As you can imagine, I wasn’t massively looking forward to Thursday’s
appointment. This time I was under the impression that this was the assessment
to get into the inpatient rehab clinic that seems to be the only major
treatment available for EDS. I was prepared for another long waiting list, but
what I wasn’t prepared for was to find out that this wasn’t the assessment. No, this was the pre assessment before I actually have the assessment for the rehab
clinic. Um...what? Surely the referral from Dr Graham was the pre assessment
needed by a rheumatologist that would then be followed by the assessment for
the clinic? Apparently not. So instead, I had an hour long appointment (to be
fair she was quite thorough) where she literally repeated everything Professor Grahame had done, down to the point that where I missed something out that was
in my notes she’d then ask me about it...I’m sorry, but I REALLY don’t
understand why on earth I went through that appointment. She again checked my
arm span/height/hand/foot ratios for Marfans and came up with the same conclusion
as the Prof that I had incomplete marfanoid habitus and confirmed I had EDS
(though gave me a lower 6/9 on the beighton criteria than his 8/9). So now I am
going to have to wait another 2 months before I can see the assessment team who
will decide whether or not I can actually go on the rehabilitation programme
and then another 6-8 months before a place becomes available. I mean, thank
goodness I’m finally in the machine and chugging away but I feel like my life
has been on hold for so long. I just want some practical help with how to move
it forward just a little.
On that note, I’m doing my exercises that the physio gave
me. They are basically very slow resistance based exercises that strengthen the
muscles, and they seem to be working! For the first time in my life I actually
have some bicep definition and I am noticing how I am now able to do more of
the exercises as well as feeling less wobbly whilst I’m doing them. It’s really
exciting to actually see and feel the progress I am making. I’m still not able
to walk for much more than a couple of minutes and there are days where that is
still a struggle, but I’m seeing some improvements and that’s all I need.

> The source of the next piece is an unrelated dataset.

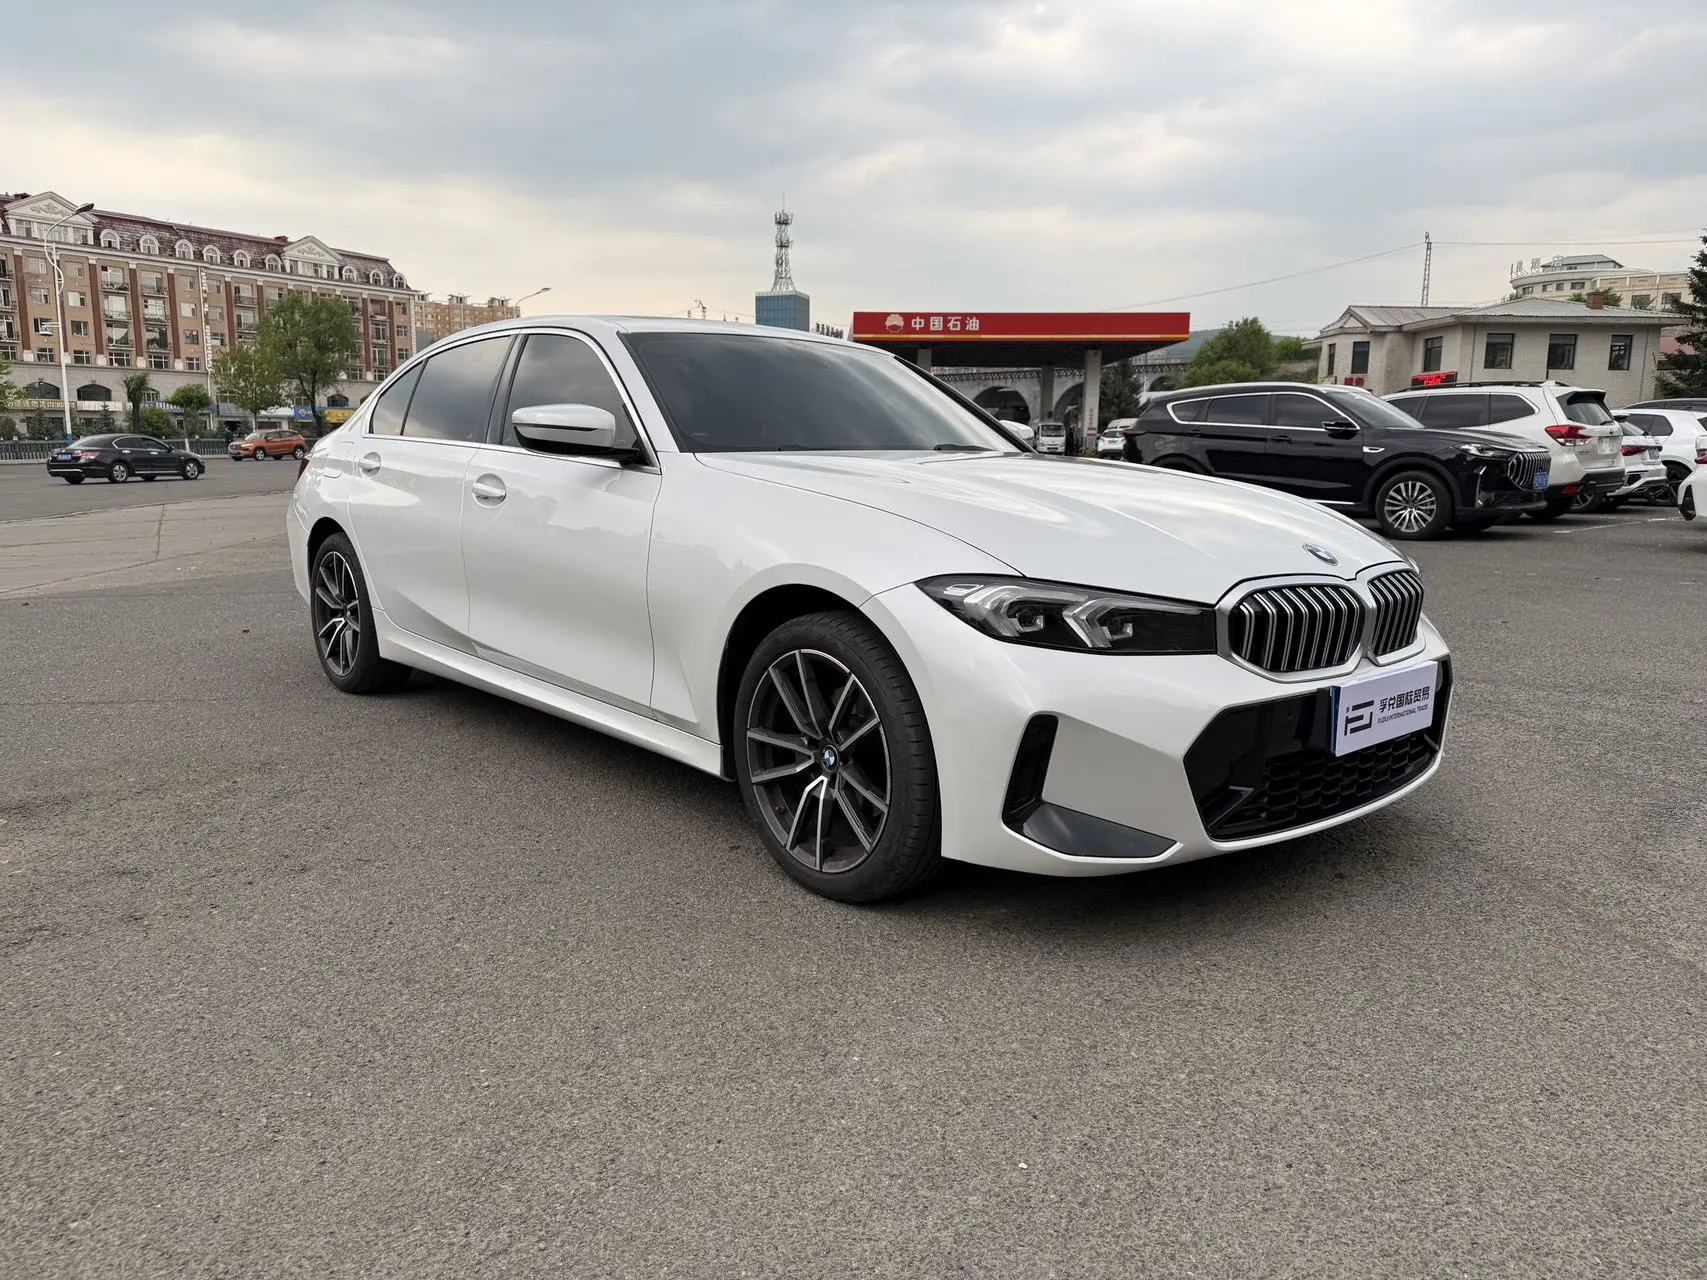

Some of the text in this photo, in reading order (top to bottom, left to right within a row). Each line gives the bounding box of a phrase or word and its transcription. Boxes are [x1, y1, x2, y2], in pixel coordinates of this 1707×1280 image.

[911, 316, 980, 331] 中国石油
[1379, 686, 1430, 713] 孚兑国际贸易
[1389, 708, 1416, 720] INTERNATIONAL
[1416, 703, 1428, 712] TRADE

Although its slow going, things are definitely heading in a
good direction at the moment. Mr Spoonie Foodie moves in in two weeks which is
ever so exciting! I’ve got some sorting out of my shit to do first and I’ll
definitely have to be tidier(!) but I really can’t wait. More and more I feel
like we are a proper team. We haven’t had the easiest of relationships, neither
of us are the easiest of people, but I think that’s what makes us so strong.
Also, my parents absolutely love him which has got be a bonus!
So perhaps my odd little metaphor at the start of the last
post makes a little more sense now. I am definitely on the verge of some very
big changes, but some of them are taking a bloody long time to come.